Dott. ORICCHIO Antonio – Consigliere –

Dott. SCALISI Antonino – rel. Consigliere –

Dott. SCARPA Antonio – Consigliere –

ha pronunciato la seguente:

SENTENZA

sul ricorso 2286-2012 proposto da:

V.L., (OMISSIS), in proprio e quale erede di

M.F., M.P. (OMISSIS) quale erede di M.F.,

MA.FA. (OMISSIS) quale erede di M.F.,

C.M.C. (OMISSIS), T.I. (OMISSIS),

T.G. (OMISSIS), TA.CL. (OMISSIS) elettivamente domiciliati in

ROMA, VIA SILVIO PELLICO 24, presso lo studio dell’avvocato CESARE

ROMANO CARELLO, rappresentati e difesi dagli avvocati PIER MICHELE

ARIODANTE, MASSIMO BRESCHI;

– ricorrenti –

contro

A.C., (OMISSIS), elettivamente domiciliato in ROMA, VIA

CELIMONTANA 38, presso lo studio dell’avvocato PAOLO PANARITI, che

lo rappresenta e difende unitamente all’avvocato PAOLO DONATI;

– c/ric. e ricorrente incidentale –

contro

B.V., (OMISSIS), TA.AN. (OMISSIS),

elettivamente domiciliati in ROMA, VIA CELIMONTANA 38, presso lo

studio dell’avvocato PAOLO PANARITI, che li rappresenta e difende;

– controricorrenti –

e contro

M.S.;

– intimato –

– ricorrenti incidentali –

avverso la sentenza n. 1095/2011 della CORTE D’APPELLO di FIRENZE,

depositata il 10/08/2011;

udita la relazione della causa svolta nella pubblica udienza del

07/07/2016 dal Consigliere Dott. ANTONINO SCALISI;

udito l’Avvocato CESARE ROMANO CARELLO, con delega dell’Avvocato

MASSIMO BRESCHI difensore del ricorrente, che ha chiesto

l’accoglimento del ricorso principale;

udito l’Avvocato MARIO PIERINO PATELLO, con delega dell’Avvocato

PAOLO PANARITI difensore dei controricorrenti e del ricorrente

incidentale, che si è riportato alle difese in atti ed ha chiesto

il rigetto del ricorso principale e l’accoglimento del ricorso

incidentale;

udito il P.M. in persona del Sostituto Procuratore Generale Dott.

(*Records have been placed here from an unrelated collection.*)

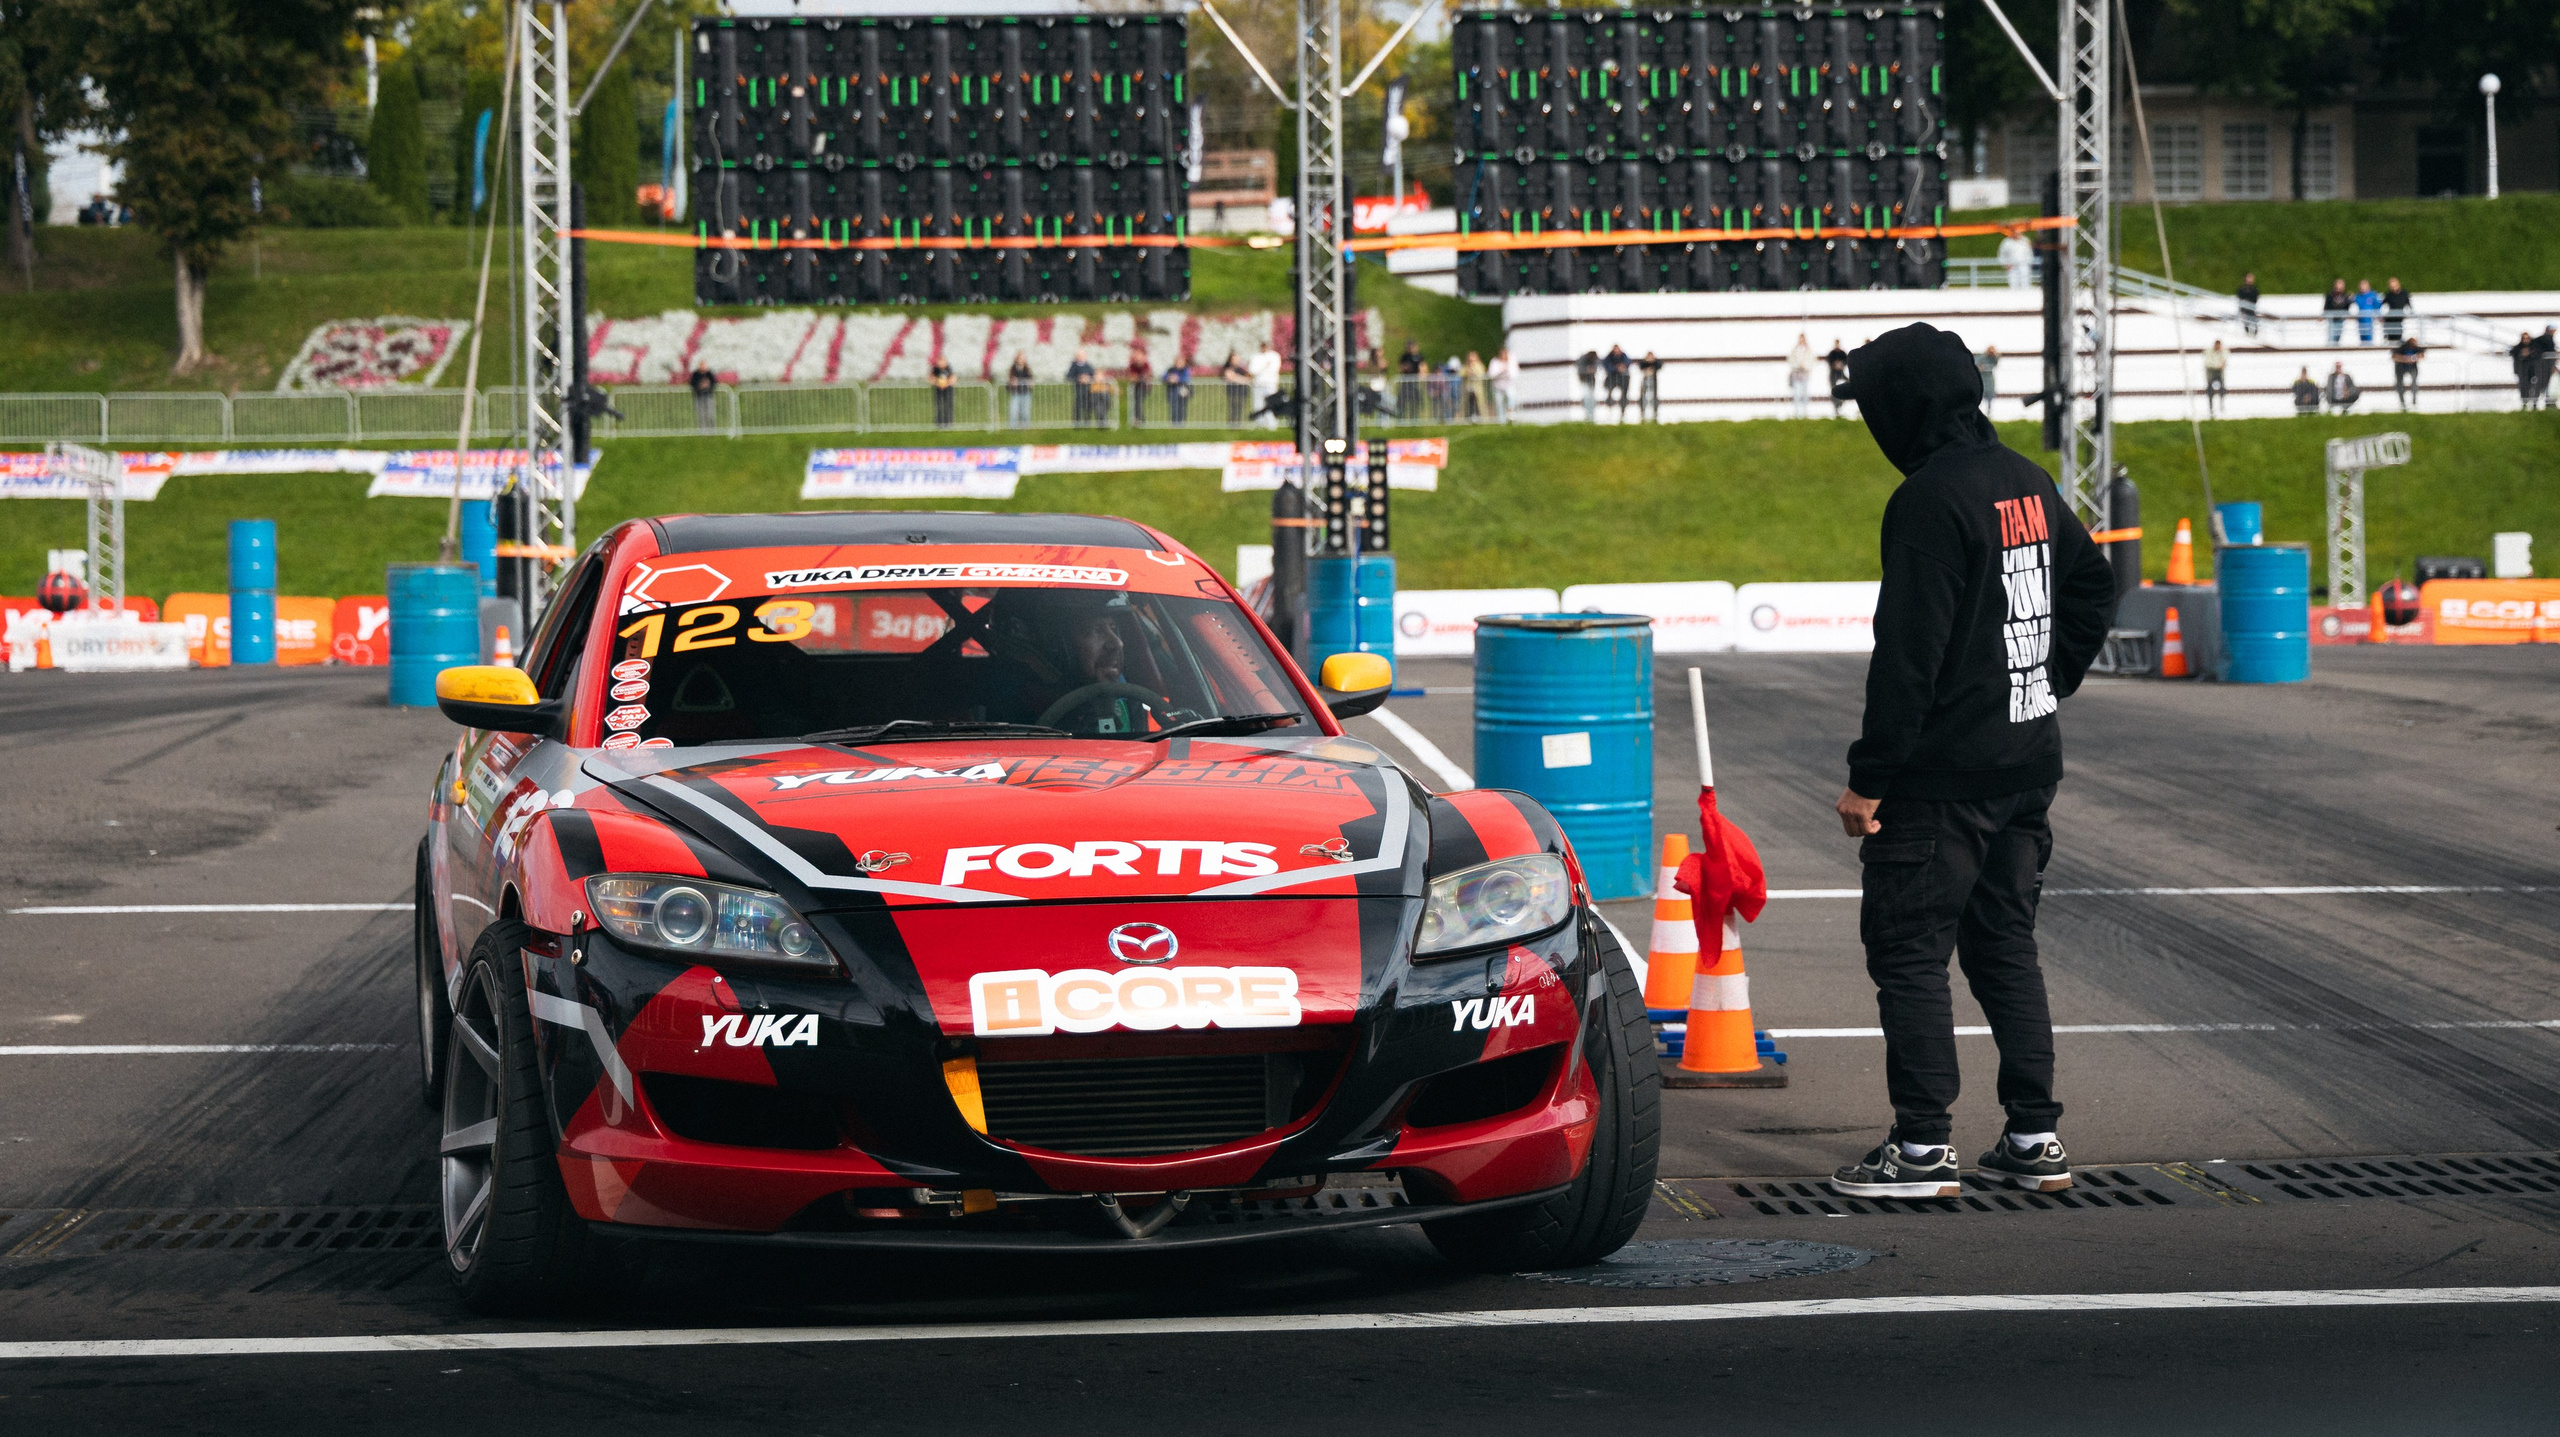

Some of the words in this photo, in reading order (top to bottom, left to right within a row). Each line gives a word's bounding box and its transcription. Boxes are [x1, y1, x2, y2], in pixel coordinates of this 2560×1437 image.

[1994, 494, 2049, 547] TEAM
[772, 570, 853, 585] YUKA
[859, 567, 958, 580] DRIVE
[967, 566, 1114, 582] GYMKHANA
[618, 600, 815, 659] 123
[772, 762, 1008, 791] YUKA
[941, 840, 1279, 886] FORTIS
[701, 1014, 820, 1047] YUKA
[1451, 994, 1535, 1032] YUKA

SALVATO Luigi, che ha concluso per la rimessione della causa alle

Sezioni Unite.

Fatto

SVOLGIMENTO DEL PROCESSO

A.C. con atto di citazione del 3 luglio 1997, premesso di essere proprietario di un appartamento in (OMISSIS), che i condomini T.I., M.F. e Me.Sa., avevano trasformato i resedi di loro proprietà esclusiva da orto giardini ad autorimesse, realizzando tre garage ricavati sotto il livello del terreno dei rispettivi resedì esclusivi, e che ciò aveva comportato: 1) il mutamento di destinazione di un muro condominiale di confine e comunque una relativa utilizzazione illecita; 2) un’imposizione di servitù di passaggio gravante sulla proprietà condominiale a favore dei detti resedi; 3) la violazione della normativa sulle distanze legali; 4) l’utilizzazione (circa l’edificabilità sotterranea) della quota di pertinenza di essa parte attrice, ciò premesso conveniva in giudizio davanti al Pretore di Pistoia T.I. (nonchè i di lui comproprietari T.G. e Ta.Cl.) M.F. (nonchè la di lui comproprietaria M.C.) per la remissione in pristino. Il Pretore di Pistoia con sentenza dichiarava la propria incompetenza per valore risultando competente il Tribunale di Pistoia.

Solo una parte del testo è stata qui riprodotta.